Além disso: as ameaças de IA vão piorar: 6 maneiras de igualar a tenacidade de seus adversários digitais

Em termos gerais, o relatório insta os CISOs a abordarem a segurança cibernética com a maior visibilidade possível, de cima para baixo: mapeando claramente como, onde e por que razão a IA está a ser usada internamente e formulando planos de ação para quando esses sistemas se comportam de forma inesperada.

Aqui estão resumidas as 12 recomendações estratégicas da empresa:

1. Em primeiro lugar, desenvolver políticas internas de governança de IA. Estas políticas devem abranger considerações fundamentais, tais como como, onde, quando e por que razão a tecnologia pode ser utilizada e quais os modelos de dados que podem ser acedidos.
2. Expanda seu horizonte de possibilidades. De acordo com a EY, os profissionais de segurança cibernética historicamente concentraram o uso da IA ​​principalmente na defesa contra ataques. Seguindo em frente, eles deveriam abraçar uma abordagem mais ofensiva mentalidade, usando IA “para identificar e neutralizar ameaças antes que elas possam impactar os sistemas”, escreveu a empresa em seu relatório, por meio de exercícios como red-teaming.
3. Construa uma estrutura para medir o ROI do uso interno de IA que leva em conta ganhos quantitativos (como economia de tempo e dinheiro) e ganhos qualitativos (como segurança aprimorada).
4. Tenha um sistema em funcionamento para monitorar continuamente o desempenho dos seus sistemas internos de IA e sua conformidade com o cenário regulatório em constante mudança.
5. Voltando à governança, certifique-se de que os funcionários entendam quais usos da IA ​​são aceitáveis ​​e quais não sãoe como responder nos casos em que os modelos começam a agir de forma inesperada.
6. Ser capaz de visualize o uso interno de IA da sua organização. Crie um painel que os funcionários possam acessar para obter uma visão geral rápida e clara de quais modelos estão em uso, os conjuntos de dados que estão usando, os requisitos de treinamento e assim por diante.
7. Expanda seu portfólio de plataformas de IA. Comece a adotar ferramentas baseadas em IA projetadas para funções específicas de segurança cibernética, incluindo ferramentas de resposta automatizada como SmiForce e ferramentas de gerenciamento de eventos e informações de segurança (SIEM), como SentinelaOne.
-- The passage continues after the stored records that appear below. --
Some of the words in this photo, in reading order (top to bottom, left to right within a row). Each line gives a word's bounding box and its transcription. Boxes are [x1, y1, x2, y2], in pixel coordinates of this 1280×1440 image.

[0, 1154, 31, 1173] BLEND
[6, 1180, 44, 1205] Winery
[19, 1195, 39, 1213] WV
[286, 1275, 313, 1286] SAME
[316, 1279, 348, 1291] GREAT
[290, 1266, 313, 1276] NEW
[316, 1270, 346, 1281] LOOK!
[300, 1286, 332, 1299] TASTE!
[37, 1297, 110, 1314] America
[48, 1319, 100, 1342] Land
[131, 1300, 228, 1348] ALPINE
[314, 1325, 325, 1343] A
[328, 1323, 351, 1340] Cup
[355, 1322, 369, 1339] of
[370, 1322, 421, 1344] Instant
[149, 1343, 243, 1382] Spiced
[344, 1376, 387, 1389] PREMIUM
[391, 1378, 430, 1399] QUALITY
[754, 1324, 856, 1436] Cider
8. Com cuidado mapeie as fontes de dados usadas pelos seus sistemas internos de IA e para onde eles estão viajando, especialmente se você estiver lidando com dados em várias jurisdições com diferentes leis de IA e privacidade (por exemplo, entre os EUA e a UE). Para obter uma camada extra de segurança, considere a implementação de arquiteturas de confiança zero que tratem qualquer pessoa ou rede que tente acessar um banco de dados interno como um invasor em potencial que requer autenticação.
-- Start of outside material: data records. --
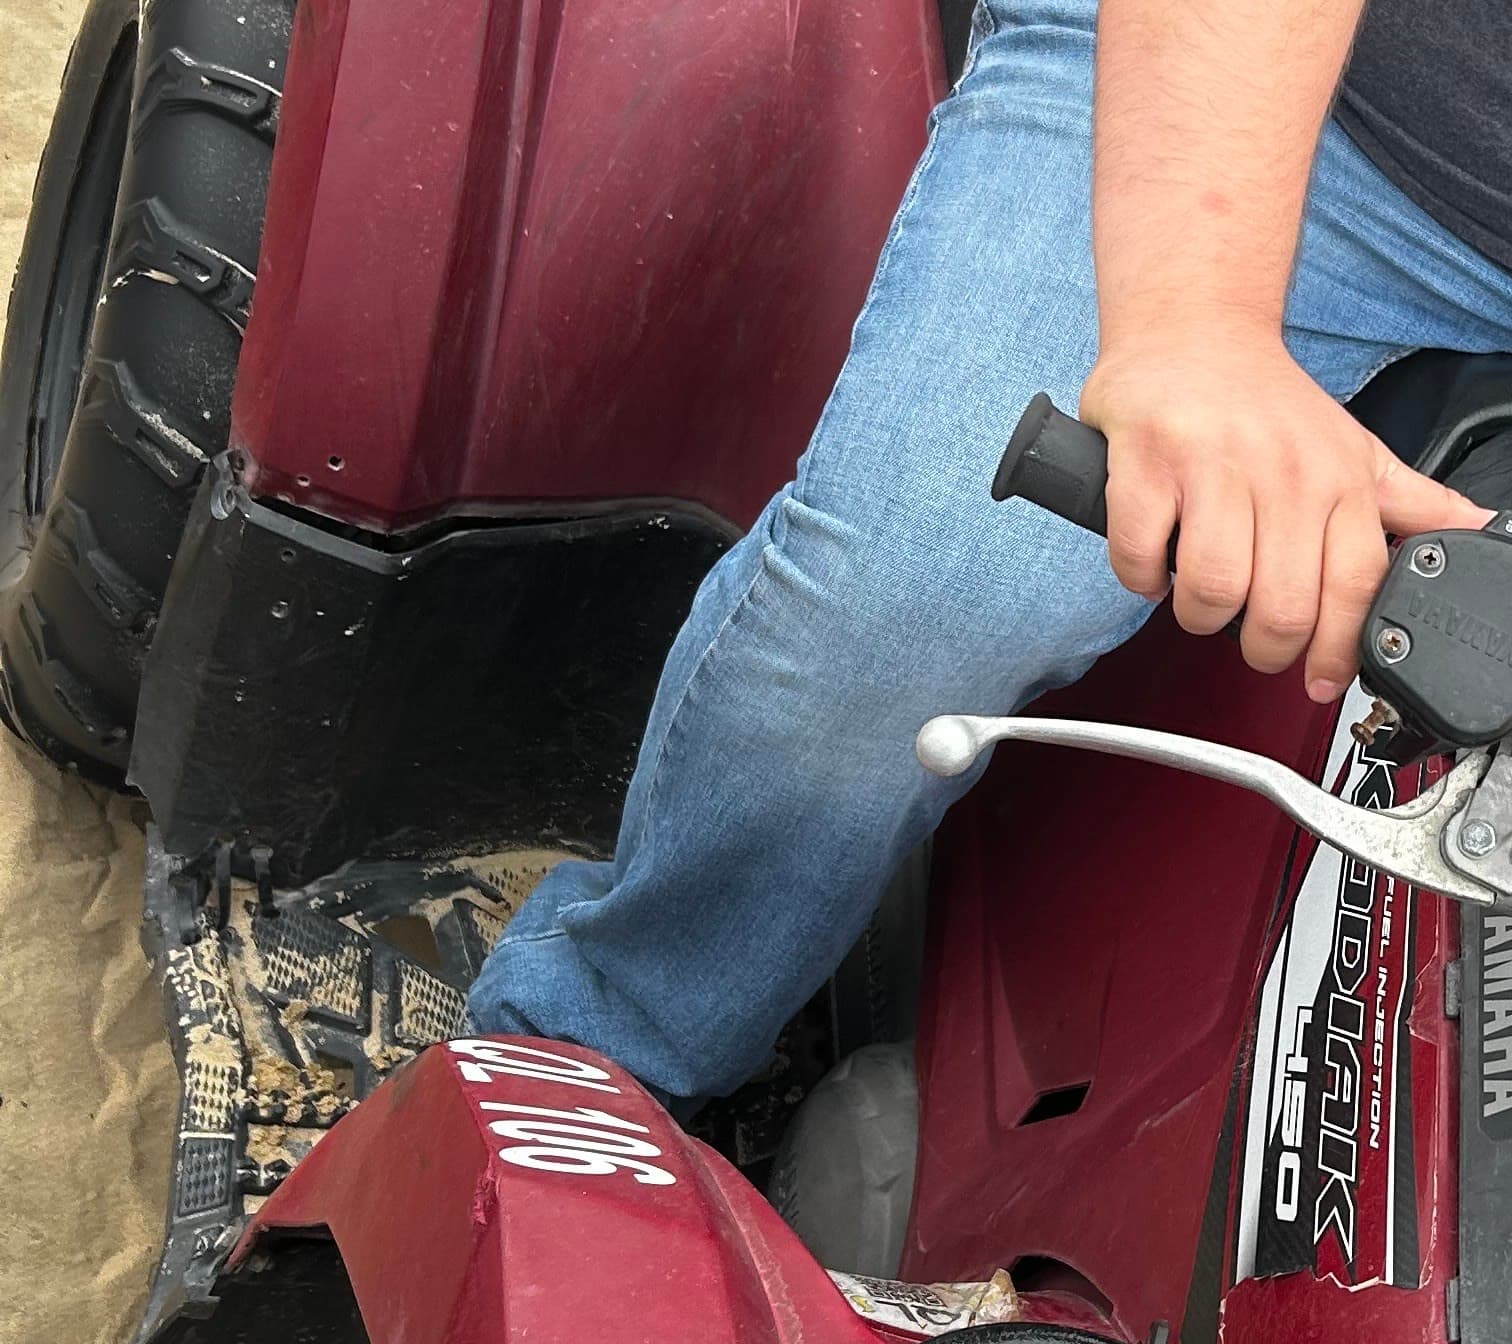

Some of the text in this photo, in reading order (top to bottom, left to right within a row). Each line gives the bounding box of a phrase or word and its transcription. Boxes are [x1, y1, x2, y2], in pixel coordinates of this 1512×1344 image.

[448, 1040, 677, 1185] QL 106
[1275, 1006, 1313, 1222] 450
[1368, 873, 1395, 1150] FUEL INJECTION
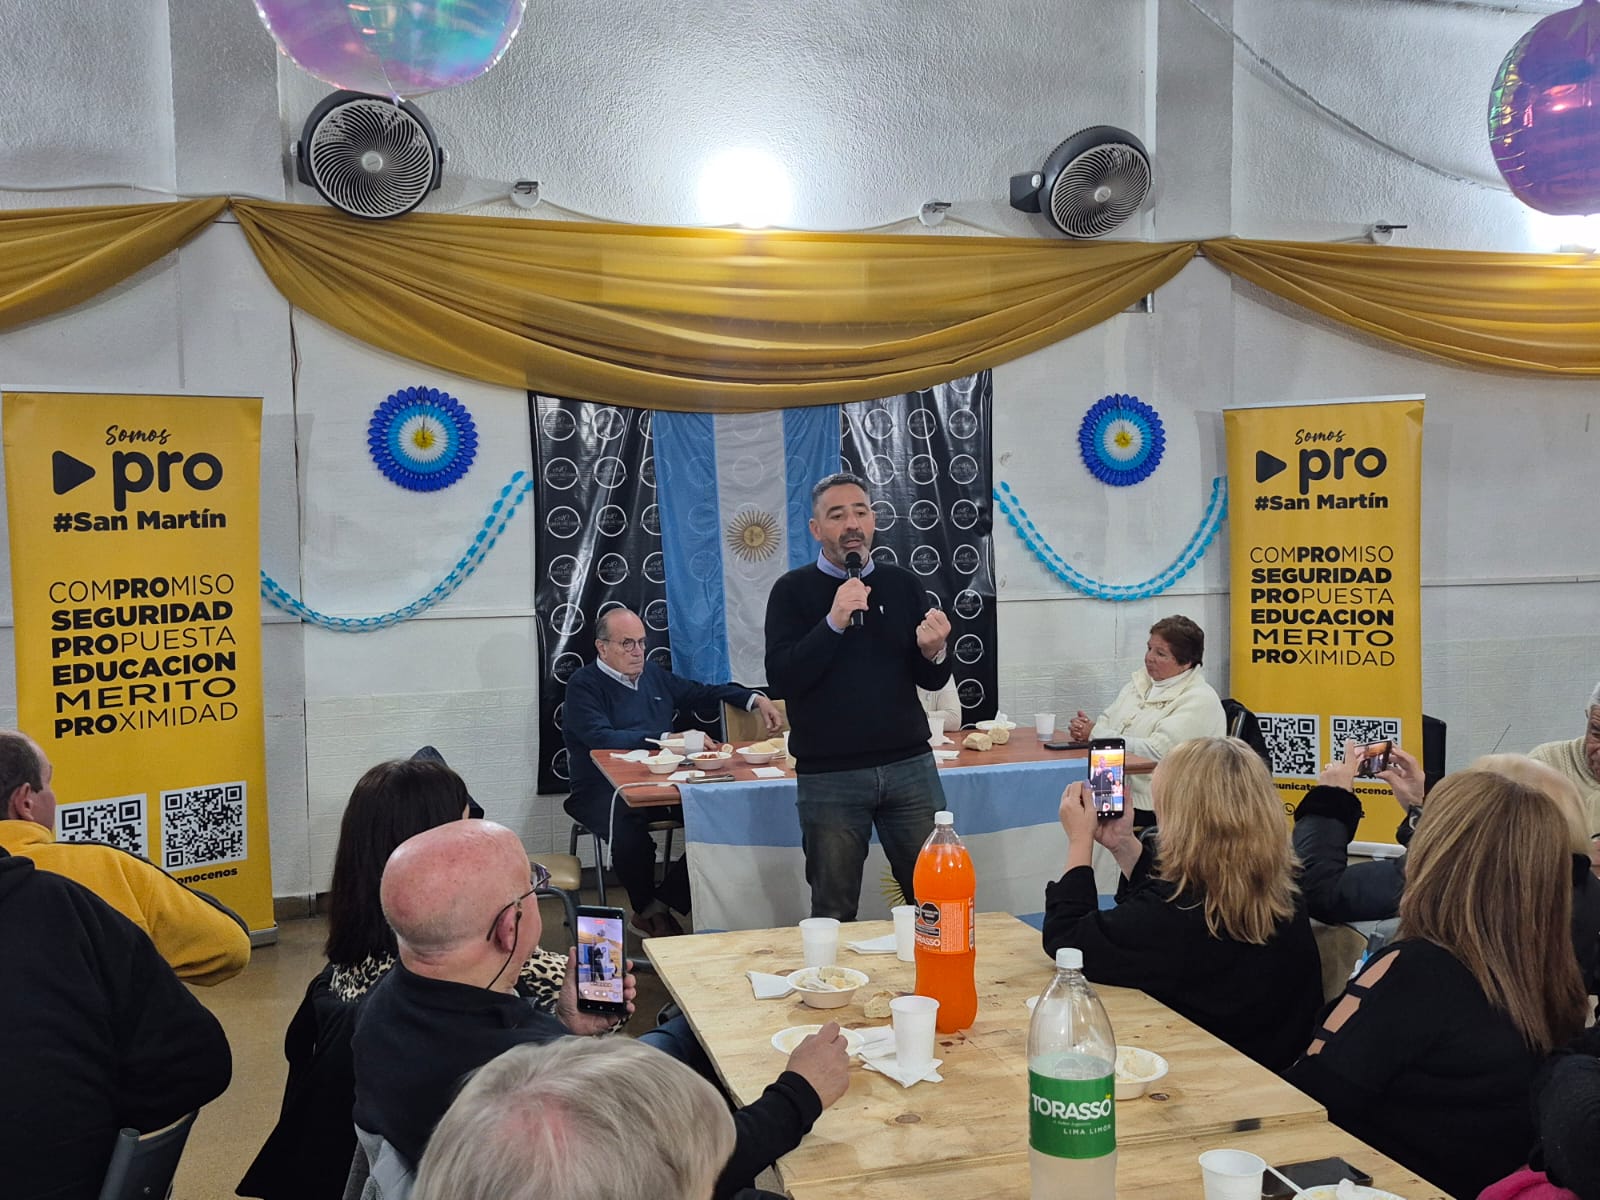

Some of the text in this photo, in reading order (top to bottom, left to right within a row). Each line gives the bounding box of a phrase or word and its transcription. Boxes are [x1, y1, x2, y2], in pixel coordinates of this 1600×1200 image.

[105, 424, 171, 446] Somos
[1295, 429, 1346, 445] Somos
[112, 450, 223, 512] pro
[1299, 447, 1387, 495] pro
[1255, 492, 1389, 511] #San Martín
[53, 508, 226, 533] #San Martín
[1250, 545, 1394, 563] COMPROMISO
[1251, 567, 1392, 584] SEGURIDAD
[49, 573, 234, 604] COMPROMISO
[1251, 587, 1394, 605] PROPUESTA
[51, 600, 233, 631] SEGURIDAD
[1251, 608, 1394, 626] EDUCACION
[52, 625, 236, 659] PROPUESTA
[1253, 628, 1394, 647] MERITO
[53, 651, 236, 686] EDUCACION
[1252, 648, 1395, 667] PROXIMIDAD
[55, 677, 237, 714] MERITO
[54, 702, 239, 739] PROXIMIDAD
[177, 868, 238, 884] onocenos
[1031, 1093, 1112, 1121] TORASSO
9. Treine seus funcionários para detectar golpes gerados por IAcomo deepfakes e ataques de phishing.
10. Cutuque e cutuque seus sistemas internos de IA para tentar detectar e reforçar vulnerabilidades. Use exercícios de red-team para simular ataques de injeção imediata e outros cenários. Implementar medidas de autenticação multifatorial para agentes que realizam tarefas confidenciais (idealmente, um desses fatores seria uma ação humana para autenticar o agente).
11. Participe da conversa mais ampla. Participe de conferências organizadas por organizações como o Instituto Nacional de Padrões e Tecnologia e o Open Worldwide Application Security Project para acompanhar os desenvolvimentos mais recentes no campo em constante evolução da segurança cibernética alimentada por IA. Inicie conversas com outros especialistas do setor sobre ameaças emergentes e as táticas que estão sendo implementadas para proteção contra elas.
12. Preste atenção ao tabuleiro de xadrez geopolítico. O fornecimento limitado de GPUs tornou-se um grande ponto de preocupação na corrida entre os EUA e a China para construir as suas respectivas indústrias de IA. Fique de olho nas mudanças nos controles de exportação e em outros fatores que possam limitar seu fornecimento futuro de chips e planeje-se adequadamente.